---------- AVAILABLE DATA ----------

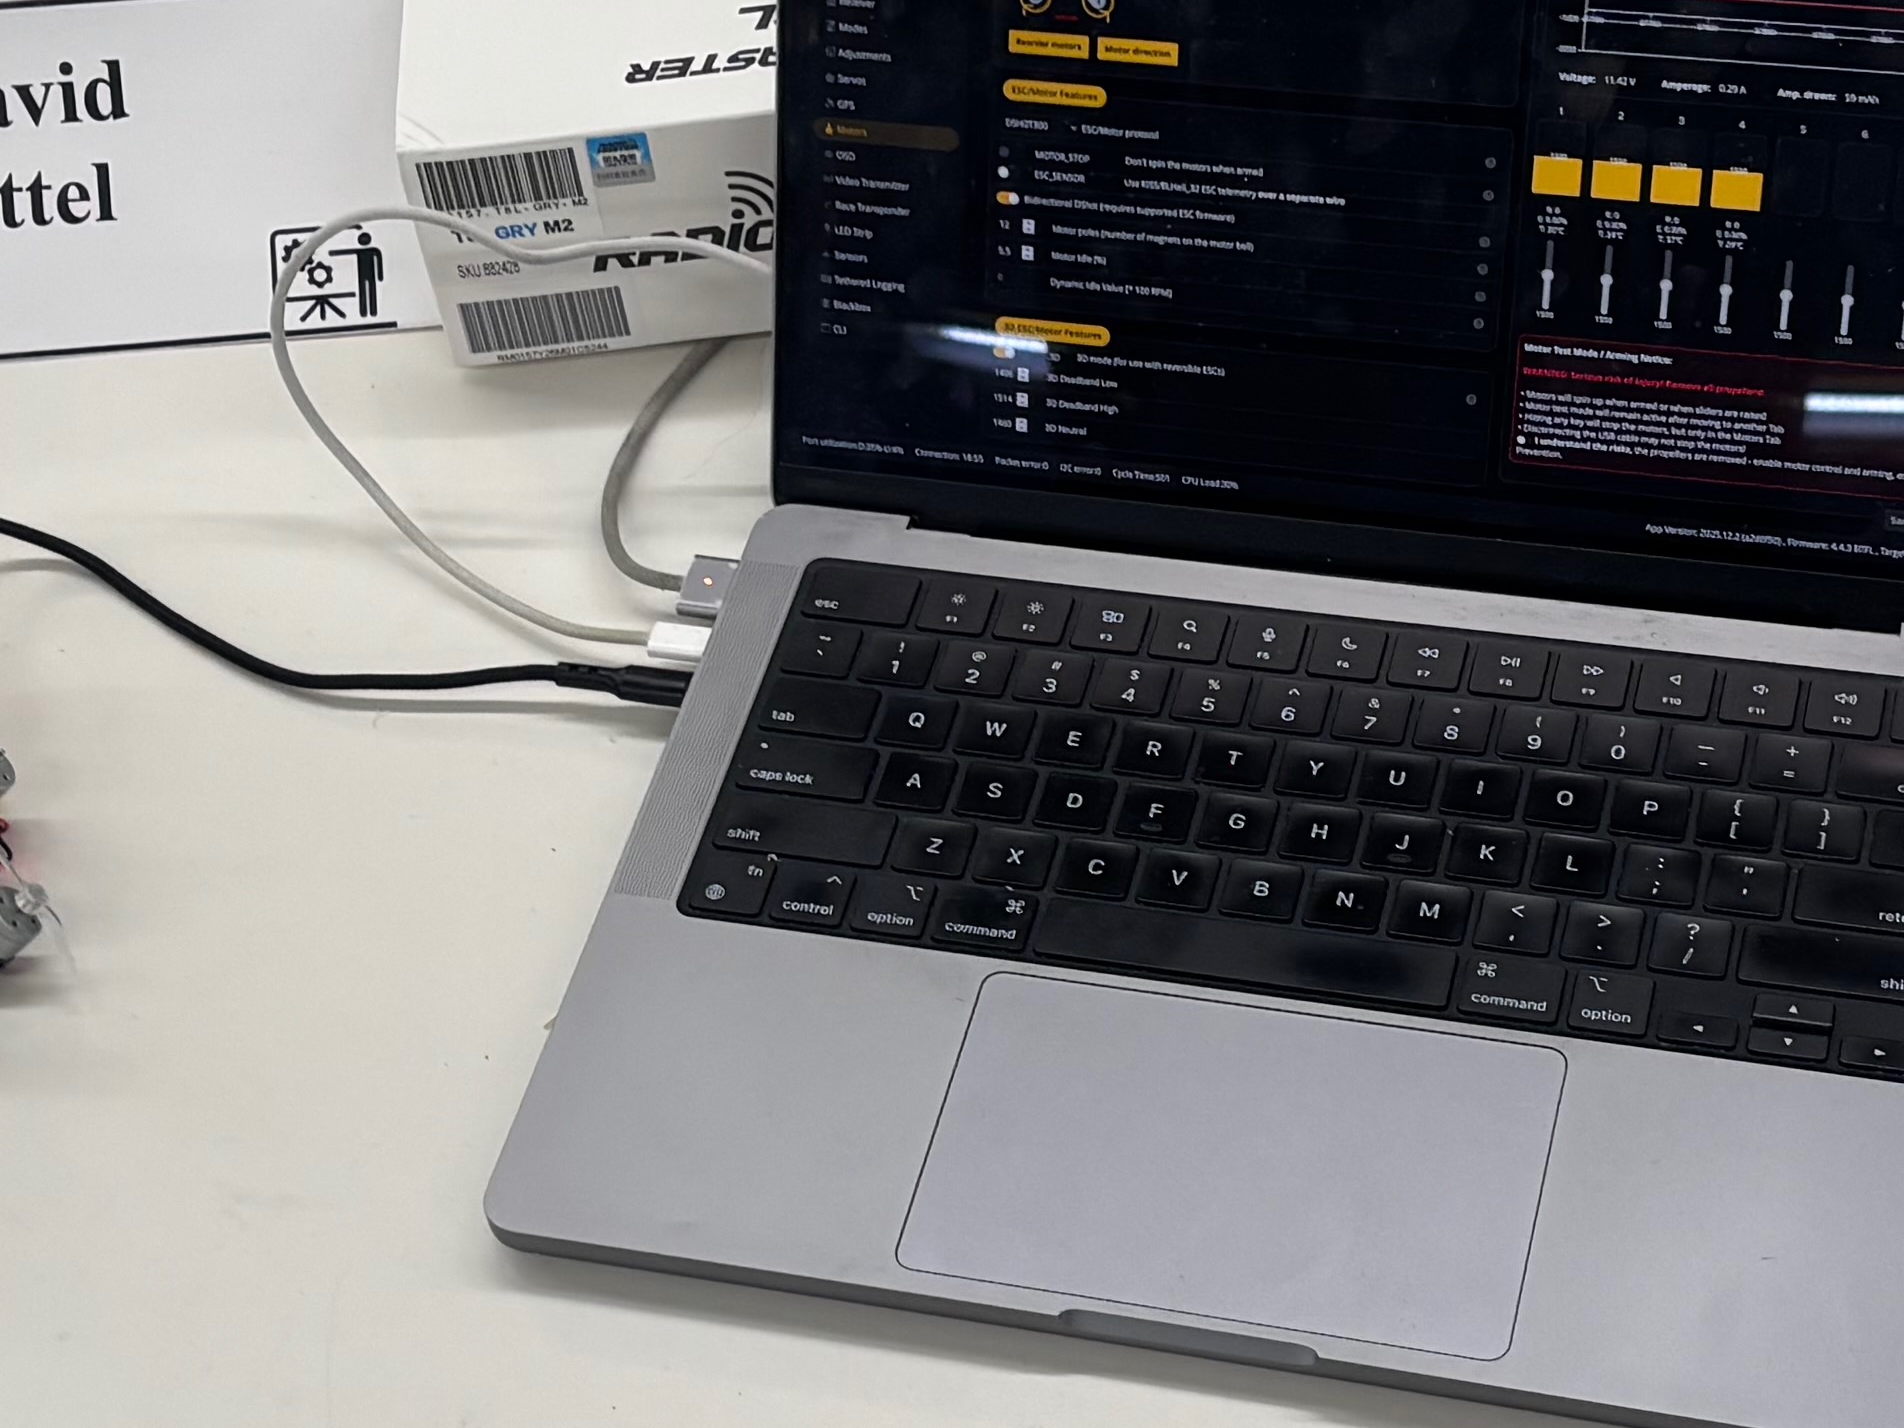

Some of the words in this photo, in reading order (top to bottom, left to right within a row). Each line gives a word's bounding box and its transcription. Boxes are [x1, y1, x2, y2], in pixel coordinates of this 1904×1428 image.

[495, 223, 537, 239] GRY
[544, 218, 575, 234] M2
[815, 600, 838, 609] esc
[892, 661, 899, 673] 1
[965, 669, 979, 683] 2
[1043, 679, 1056, 692] 3
[1122, 688, 1135, 702] 4
[1201, 698, 1215, 711] 5
[772, 711, 794, 721] tab
[909, 713, 924, 728] Q
[1281, 707, 1295, 721] 6
[986, 721, 1007, 736] W
[1364, 716, 1376, 729] 7
[1067, 731, 1082, 746] E
[1444, 726, 1458, 739] 8
[1146, 741, 1161, 756] R
[1528, 735, 1541, 749] 9
[1229, 751, 1242, 765] T
[1611, 745, 1625, 759] 0
[1310, 761, 1324, 775] Y
[750, 770, 782, 780] caps
[785, 772, 812, 784] lock
[907, 774, 920, 788] A
[1389, 770, 1405, 785] U
[987, 783, 1003, 797] S
[1477, 781, 1484, 794] I
[1067, 793, 1082, 808] D
[1557, 791, 1573, 806] O
[1149, 804, 1164, 817] F
[1643, 801, 1658, 815] P
[1229, 814, 1245, 828] G
[727, 829, 760, 841] shift
[1311, 824, 1328, 839] H
[926, 838, 943, 853] Z
[1395, 835, 1409, 849] J
[1007, 848, 1024, 864] X
[1480, 845, 1495, 860] K
[1089, 859, 1104, 874] C
[1566, 855, 1578, 871] L
[1172, 870, 1188, 885] V
[1254, 881, 1269, 896] B
[1336, 891, 1354, 907] N
[783, 901, 833, 915] control
[1420, 902, 1440, 918] M
[868, 913, 913, 925] option
[945, 923, 1016, 939] command
[1471, 994, 1546, 1011] command
[1582, 1009, 1631, 1022] option

----------

**BRIEF:**
With images left out, the data must be transcribed exactly.

**RESULT OF THIS TASK:**
Some of the words in this photo, in reading order (top to bottom, left to right within a row). Each line gives a word's bounding box and its transcription. Boxes are [x1, y1, x2, y2], in pixel coordinates of this 1904×1428 image.

[495, 223, 537, 239] GRY
[544, 218, 575, 234] M2
[815, 600, 838, 609] esc
[892, 661, 899, 673] 1
[965, 669, 979, 683] 2
[1043, 679, 1056, 692] 3
[1122, 688, 1135, 702] 4
[1201, 698, 1215, 711] 5
[772, 711, 794, 721] tab
[909, 713, 924, 728] Q
[1281, 707, 1295, 721] 6
[986, 721, 1007, 736] W
[1364, 716, 1376, 729] 7
[1067, 731, 1082, 746] E
[1444, 726, 1458, 739] 8
[1146, 741, 1161, 756] R
[1528, 735, 1541, 749] 9
[1229, 751, 1242, 765] T
[1611, 745, 1625, 759] 0
[1310, 761, 1324, 775] Y
[750, 770, 782, 780] caps
[785, 772, 812, 784] lock
[907, 774, 920, 788] A
[1389, 770, 1405, 785] U
[987, 783, 1003, 797] S
[1477, 781, 1484, 794] I
[1067, 793, 1082, 808] D
[1557, 791, 1573, 806] O
[1149, 804, 1164, 817] F
[1643, 801, 1658, 815] P
[1229, 814, 1245, 828] G
[727, 829, 760, 841] shift
[1311, 824, 1328, 839] H
[926, 838, 943, 853] Z
[1395, 835, 1409, 849] J
[1007, 848, 1024, 864] X
[1480, 845, 1495, 860] K
[1089, 859, 1104, 874] C
[1566, 855, 1578, 871] L
[1172, 870, 1188, 885] V
[1254, 881, 1269, 896] B
[1336, 891, 1354, 907] N
[783, 901, 833, 915] control
[1420, 902, 1440, 918] M
[868, 913, 913, 925] option
[945, 923, 1016, 939] command
[1471, 994, 1546, 1011] command
[1582, 1009, 1631, 1022] option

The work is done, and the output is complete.